Records from a collection:
★ ★ ★ ★ ★ ★ ★

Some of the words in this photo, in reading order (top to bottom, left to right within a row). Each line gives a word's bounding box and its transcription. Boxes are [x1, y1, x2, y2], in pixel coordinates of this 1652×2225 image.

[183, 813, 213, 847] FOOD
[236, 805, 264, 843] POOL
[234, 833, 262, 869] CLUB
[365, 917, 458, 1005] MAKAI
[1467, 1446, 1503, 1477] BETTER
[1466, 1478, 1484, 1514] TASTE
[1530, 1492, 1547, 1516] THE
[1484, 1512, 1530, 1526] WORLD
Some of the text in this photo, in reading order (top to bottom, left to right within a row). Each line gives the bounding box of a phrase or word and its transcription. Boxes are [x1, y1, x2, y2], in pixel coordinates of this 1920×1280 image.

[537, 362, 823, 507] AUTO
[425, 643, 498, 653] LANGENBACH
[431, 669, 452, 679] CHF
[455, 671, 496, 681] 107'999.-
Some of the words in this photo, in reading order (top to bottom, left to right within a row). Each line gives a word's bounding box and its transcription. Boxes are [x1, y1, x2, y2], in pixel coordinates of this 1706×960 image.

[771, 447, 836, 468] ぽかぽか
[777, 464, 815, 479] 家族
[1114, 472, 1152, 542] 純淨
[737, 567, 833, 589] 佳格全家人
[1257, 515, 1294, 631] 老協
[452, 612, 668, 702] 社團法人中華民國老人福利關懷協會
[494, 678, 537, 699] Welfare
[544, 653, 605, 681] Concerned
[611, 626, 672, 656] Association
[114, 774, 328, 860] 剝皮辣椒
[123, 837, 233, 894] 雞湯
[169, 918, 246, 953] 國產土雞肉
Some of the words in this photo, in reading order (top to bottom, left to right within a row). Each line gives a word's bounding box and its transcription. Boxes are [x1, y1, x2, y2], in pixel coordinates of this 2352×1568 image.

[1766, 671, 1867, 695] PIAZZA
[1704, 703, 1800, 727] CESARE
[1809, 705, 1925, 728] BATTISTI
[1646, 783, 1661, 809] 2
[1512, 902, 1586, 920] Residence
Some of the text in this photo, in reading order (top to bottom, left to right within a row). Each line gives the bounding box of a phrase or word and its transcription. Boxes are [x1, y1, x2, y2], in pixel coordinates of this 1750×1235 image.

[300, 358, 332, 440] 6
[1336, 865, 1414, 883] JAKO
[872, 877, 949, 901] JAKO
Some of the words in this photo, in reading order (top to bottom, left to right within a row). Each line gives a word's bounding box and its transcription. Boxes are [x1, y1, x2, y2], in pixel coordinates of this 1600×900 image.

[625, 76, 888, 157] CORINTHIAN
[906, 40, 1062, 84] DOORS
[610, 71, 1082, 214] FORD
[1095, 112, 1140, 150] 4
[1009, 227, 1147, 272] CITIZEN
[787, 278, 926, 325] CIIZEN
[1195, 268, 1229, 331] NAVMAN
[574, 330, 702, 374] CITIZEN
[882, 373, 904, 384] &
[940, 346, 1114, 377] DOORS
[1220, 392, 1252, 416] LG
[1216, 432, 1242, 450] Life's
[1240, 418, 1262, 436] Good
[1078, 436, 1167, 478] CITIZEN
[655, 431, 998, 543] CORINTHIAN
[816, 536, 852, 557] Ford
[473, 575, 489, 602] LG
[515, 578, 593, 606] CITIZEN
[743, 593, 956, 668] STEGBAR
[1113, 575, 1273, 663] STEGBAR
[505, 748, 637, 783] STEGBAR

★ ★ ★ ★ ★ ★ ★

**Required work:**
Restate exactly, and only, every line from the one that contains "this 1750×1235 image." through the last line of the records.

**The completed task:**
Some of the text in this photo, in reading order (top to bottom, left to right within a row). Each line gives the bounding box of a phrase or word and its transcription. Boxes are [x1, y1, x2, y2], in pixel coordinates of this 1750×1235 image.

[300, 358, 332, 440] 6
[1336, 865, 1414, 883] JAKO
[872, 877, 949, 901] JAKO
Some of the words in this photo, in reading order (top to bottom, left to right within a row). Each line gives a word's bounding box and its transcription. Boxes are [x1, y1, x2, y2], in pixel coordinates of this 1600×900 image.

[625, 76, 888, 157] CORINTHIAN
[906, 40, 1062, 84] DOORS
[610, 71, 1082, 214] FORD
[1095, 112, 1140, 150] 4
[1009, 227, 1147, 272] CITIZEN
[787, 278, 926, 325] CIIZEN
[1195, 268, 1229, 331] NAVMAN
[574, 330, 702, 374] CITIZEN
[882, 373, 904, 384] &
[940, 346, 1114, 377] DOORS
[1220, 392, 1252, 416] LG
[1216, 432, 1242, 450] Life's
[1240, 418, 1262, 436] Good
[1078, 436, 1167, 478] CITIZEN
[655, 431, 998, 543] CORINTHIAN
[816, 536, 852, 557] Ford
[473, 575, 489, 602] LG
[515, 578, 593, 606] CITIZEN
[743, 593, 956, 668] STEGBAR
[1113, 575, 1273, 663] STEGBAR
[505, 748, 637, 783] STEGBAR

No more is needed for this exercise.